Money Times - November 1, 2016

Posted by Jill Kerby on November 01 2016 @ 09:00


“The price of gold is the running straw poll of the world's confidence in paper money.” - James Grant, July 2008

I recently had a chance to hold a kilo bar of gold, which is only about six inches by four inches wide and about a half an inch thick.

For such a small object, it was incredibly heavy. It wasn’t buffed to a high sheen like the gold bars that are stacked in central bank vaults (which weigh 400 troy ounces or 12.4 kilos) but was slightly matt in texture and all the more lustrous.

Readers of this column know that I believe that precious metals have a small place – 5% to 10% worth - in a person’s net worth of wealth assets, typically the value of your paid off home, cash savings and pension fund. Occupational pension schemes, for example, are increasingly likely to include precious metals (silver and perhaps platinum) as part of a diversified investment fund. They see gold rare, precious and immutable, as do I, as a form of insurance I hope I’ll never have to use.

According to Aristotle, who advised Alexander the Great about these things as he set about creating a vast empire, ‘good’ money needs to be durable; it must not fade, corrode or change over time. It must be portable, and be easy to carry and move, with a high value relative to its weight. It must be divisible or ‘fungible’ and be able to divide into smaller units of value. It must have intrinsic value, that is, contain its own worth and lastly, it has to be ‘acceptable’, that is, be accepted to another party to complete a transaction.

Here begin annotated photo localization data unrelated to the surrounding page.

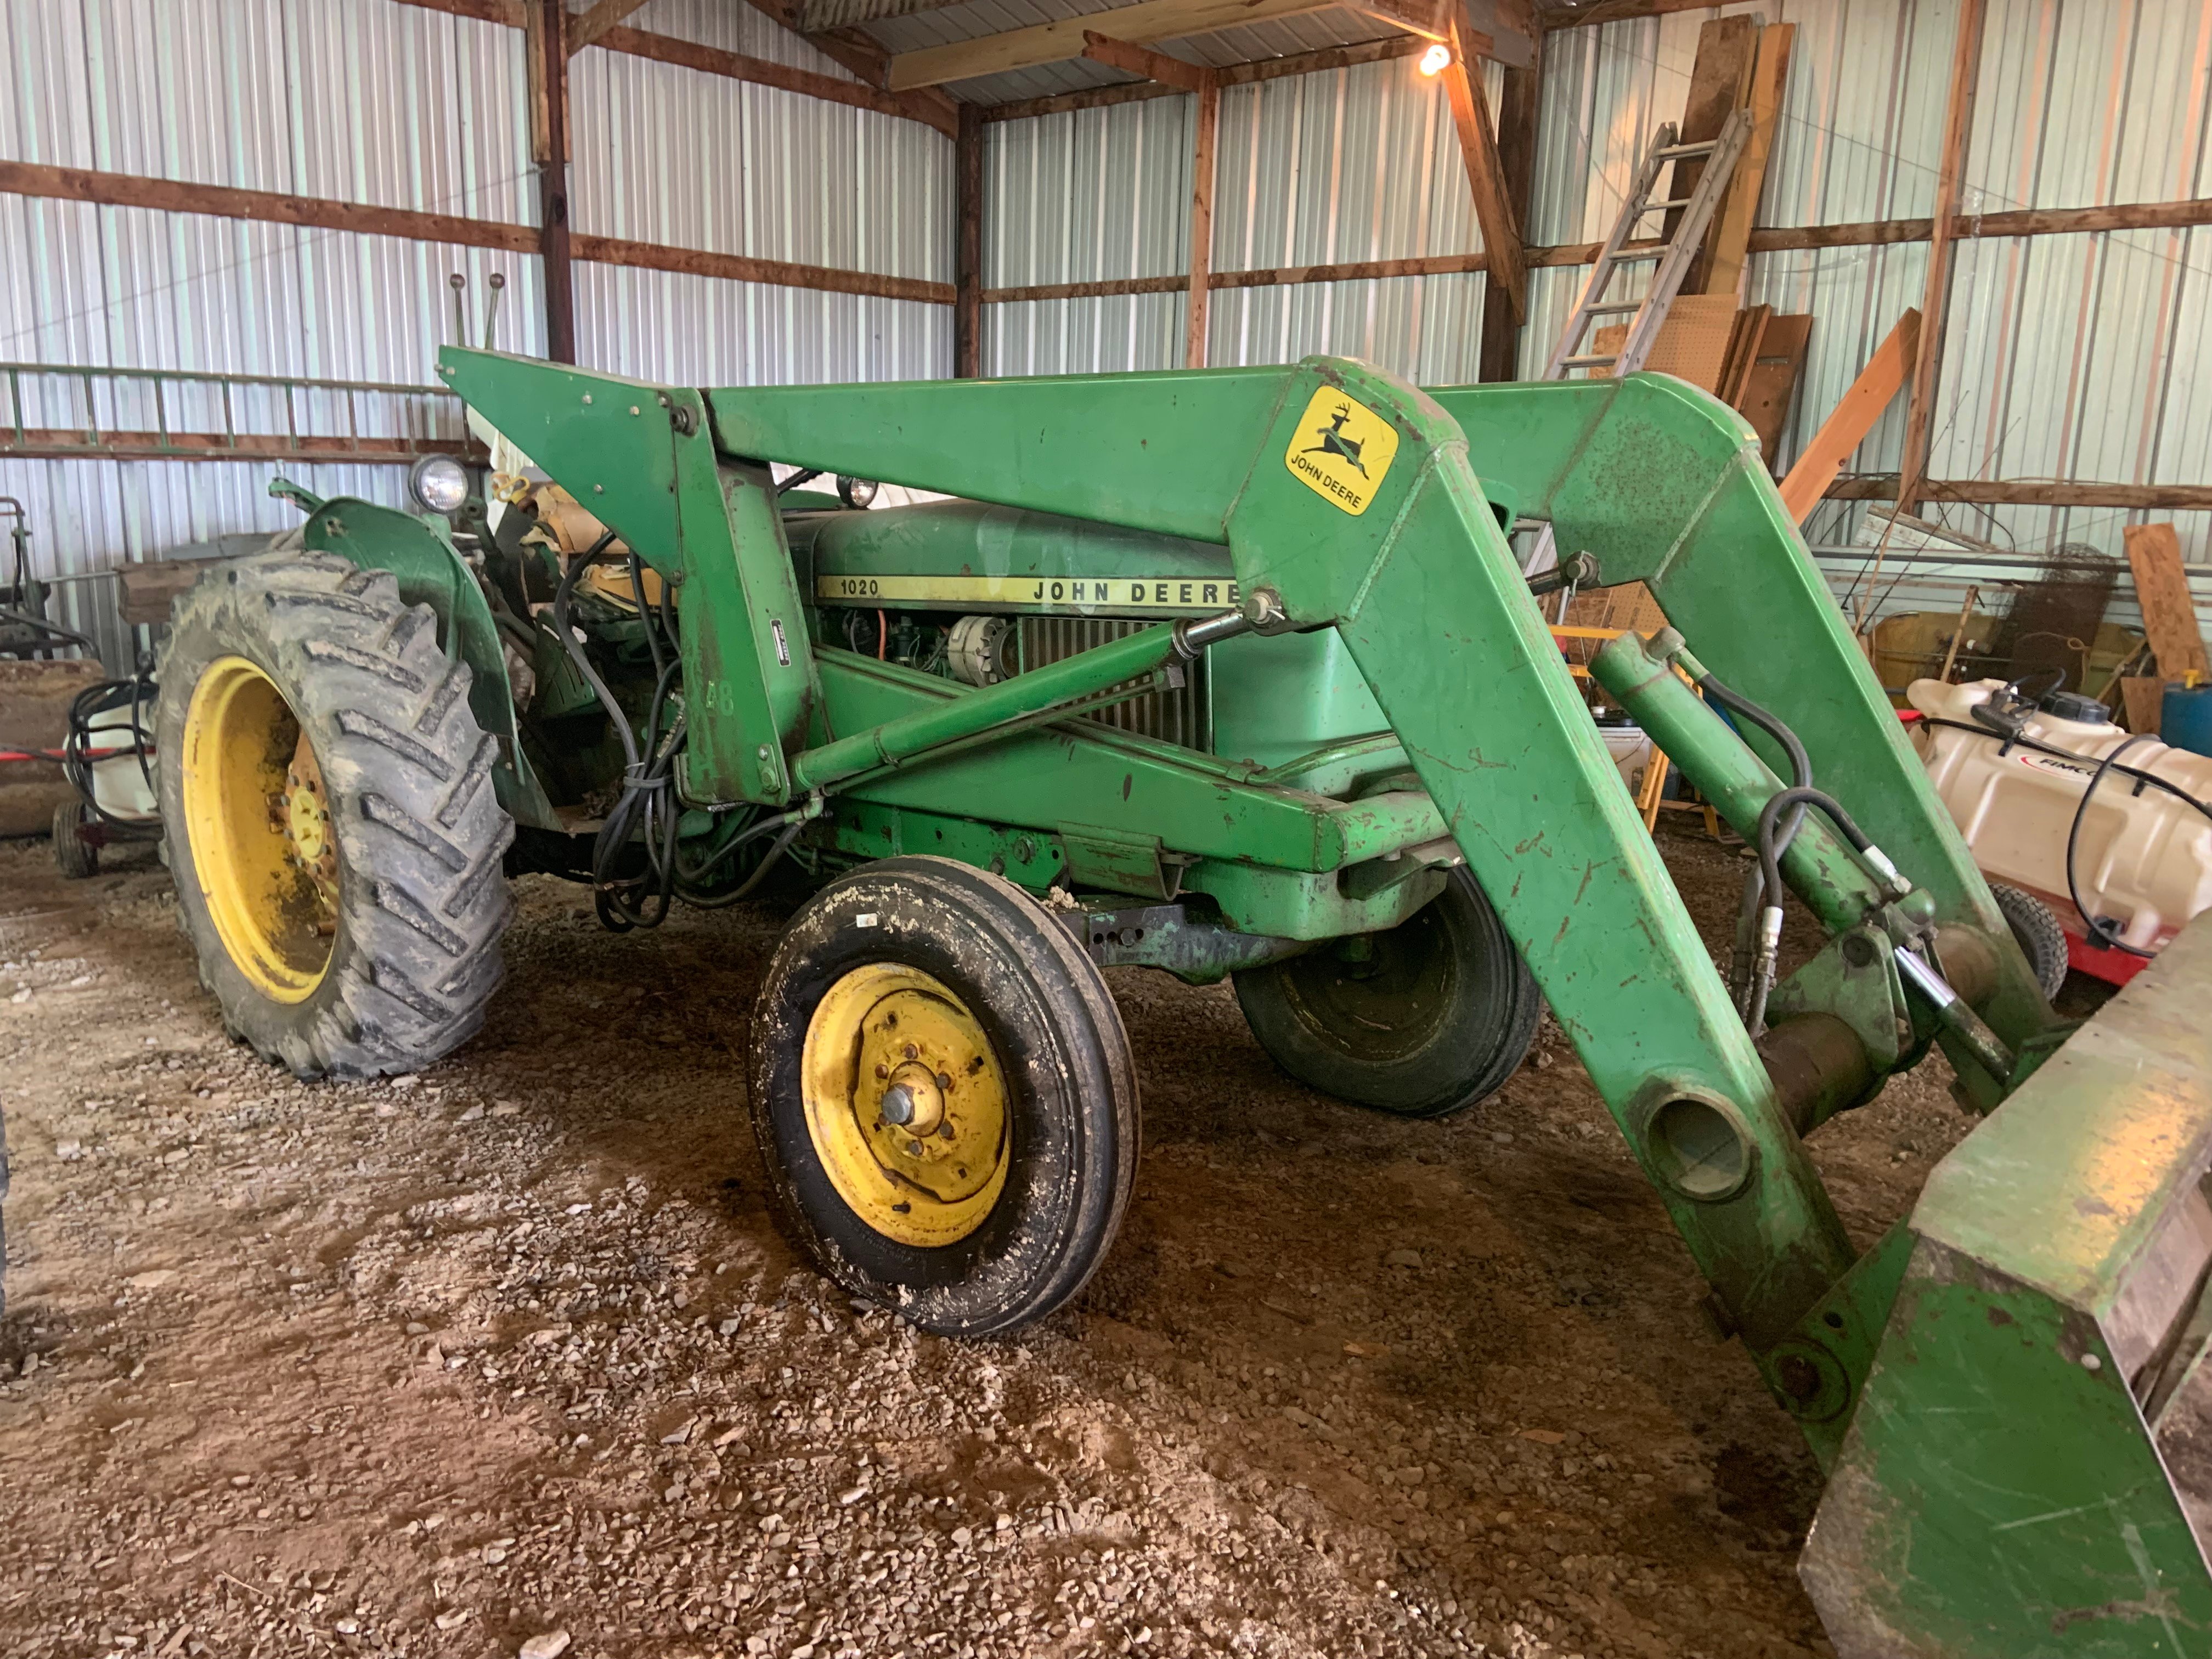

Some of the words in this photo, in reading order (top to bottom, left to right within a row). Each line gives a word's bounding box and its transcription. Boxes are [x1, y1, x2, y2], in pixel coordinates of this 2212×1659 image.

[1291, 454, 1323, 481] JOHN
[1322, 475, 1362, 509] DEERE
[841, 579, 878, 595] 1020
[1034, 582, 1108, 601] JOHN
[1131, 583, 1240, 603] DEERE

Precious metals, especially in coin form, tick each box. The paper version of money we use originated as goldsmiths ‘receipts’ for the large amounts of physical gold and silver that Renaissance merchants owned, but didn’t want to risk travelling with. (Goldsmiths became the first bankers.) It was only in the last century that paper money bills stopped representing an equivalent amount of gold or silver. 

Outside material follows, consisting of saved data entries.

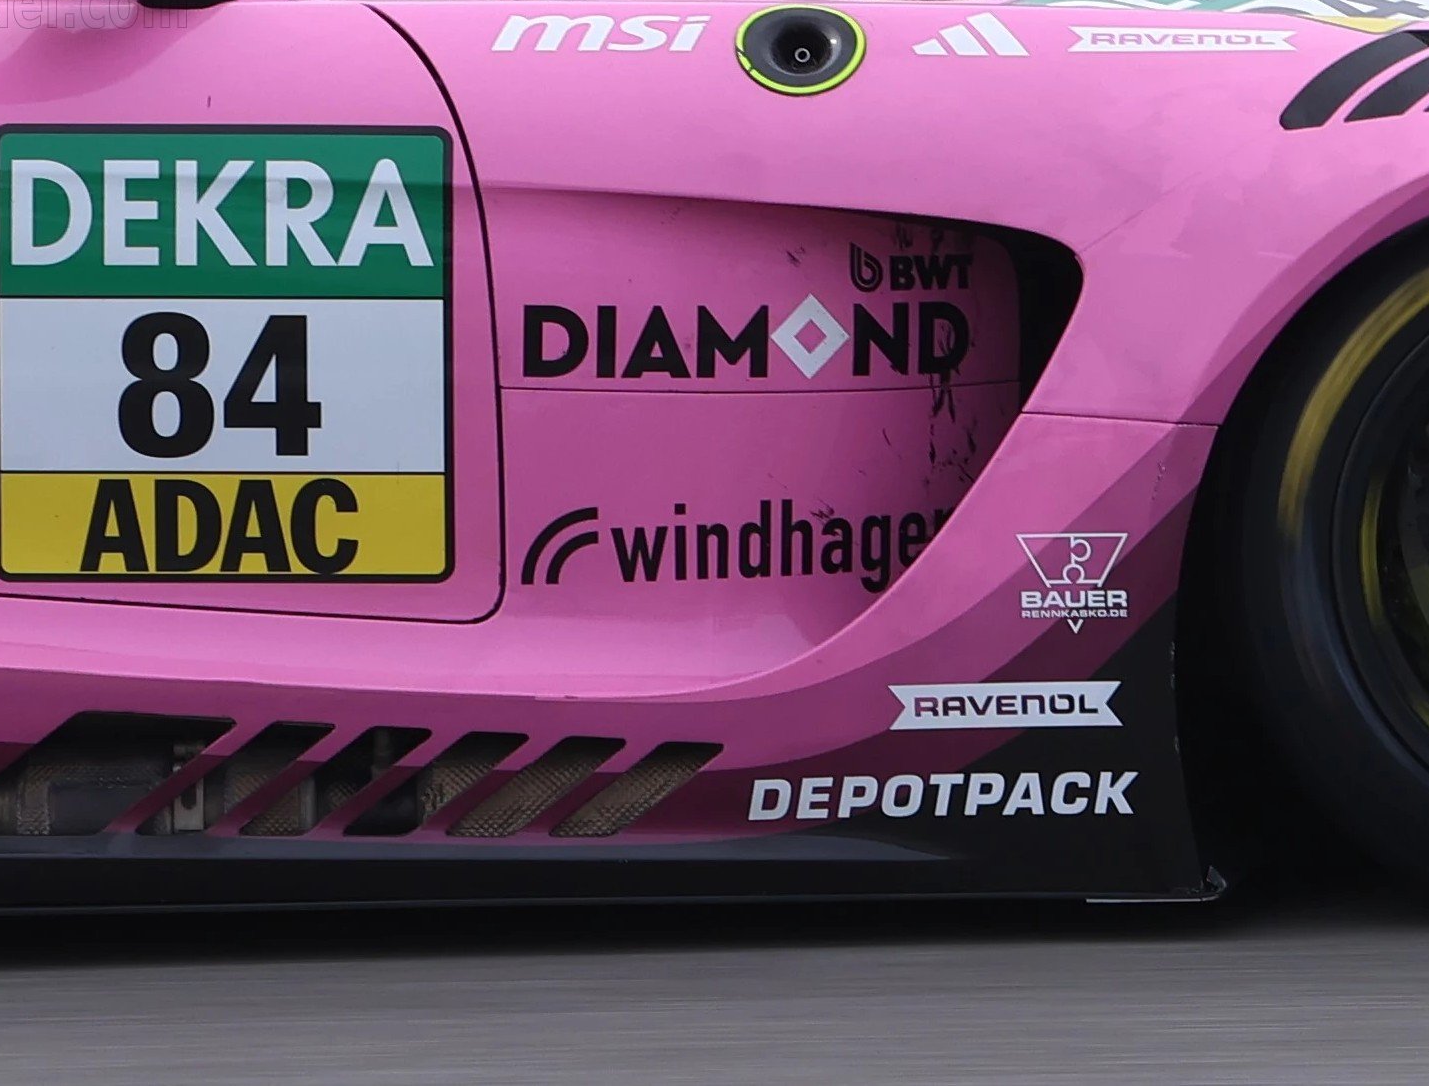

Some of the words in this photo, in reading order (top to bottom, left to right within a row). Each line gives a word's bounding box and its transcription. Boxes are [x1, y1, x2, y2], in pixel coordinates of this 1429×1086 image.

[492, 15, 712, 53] msi
[1089, 32, 1275, 48] RAVENOL
[10, 157, 434, 268] DEKRA
[890, 254, 974, 291] BWT
[116, 311, 321, 457] 84
[80, 478, 358, 576] ADAC
[1021, 590, 1128, 608] BAUER
[913, 693, 1098, 717] RAVENOL
[748, 770, 1139, 821] DEPOTPACK

Today, there is no equivalent value of gold or silver in any currency issued by central bank to back up the number and face value of dollars, euro, pounds, yen, rubles and renminbi in circulation.  The intrinsic value of the money we use is literally only worth the cost of the paper, ink and base metals (in the case of coins).

In our increasingly ‘cashless’ world, tens of trillions worth of new money has been printed since the 2008 financial crash alone – mainly digitalised on the central banks’ currency computers. It is stored on on-line accounts and transacted via computers, debit, credit and pre-pay cash cards and smart phone wallets. 

Which brings me back to why I was on TV3 the other day with Mark O’Byrne of Goldcore.com, the Dublin gold bullion dealers, discussing gold.

There have been several significant Millennial financial crises ranging from the 1999-2000 NasDaq crash; 9/11; the 2008-2012 Great Recession and Greek crisis and now Brexit. The so-called War on Terror and subsequent migrant/refugee crisis has had massive financial repercussions.

The price of gold always reacts in uncertain and fraught geopolitical and economic times. Back in 1999 an ounce of gold was worth the equivalent of c €350 an ounce and at time of writing, €1,164. By the end of 2007 it was c€500.It peaked in late September 2012 at €1,365 in tandem with the Greek/Euro crisis.

The price of gold goes up and down as UK holders know: gold is up nearly 44% in the past year. Nevertheless it has a remarkable ability to maintain its intrinsic value, especially when every effort is made to artificially create price inflation by devaluing currencies or embarking on endless campaigns of QE – quantitative easing that causes savings and bond yields to collapse.

The banking sector is fragile. The debt crisis continues. Gold is dismissed by Keynesian economists as “the barbarous relic” that pays no interest. But they also hate cash which they say we are saving too much, to the detriment of “economic recovery”.

The cashless society is nearly here. Nil to negative interest rates are becoming  reality, but with no cash, there is no opportunity to take your money out of the bank and stick under a mattress. It is entirely at the mercy of the manipulators to tax with negative interest rates or confiscate in the event of a failed bank ‘bail-in’.

The depreciation of the money we use continues relentlessly. Gold has consistently held its value as this small reminiscence shows:

In the summer of 1982 the owner of the small newspaper where I worked set up a good VHI adult plan for the staff. It cost about Ir£360 old punts, which I couldn’t afford. Meanwhile an ounce of gold back then was worth about Ir£355.

Last summer, 34 years later, my Laya Healthcare Simple Connect Plus adult plan cost me €1,160. As I write this, the price of an ounce of gold in euro is c€1,164. 

Aristotle was right. And I bet Laya would take an ounce of gold as payment too.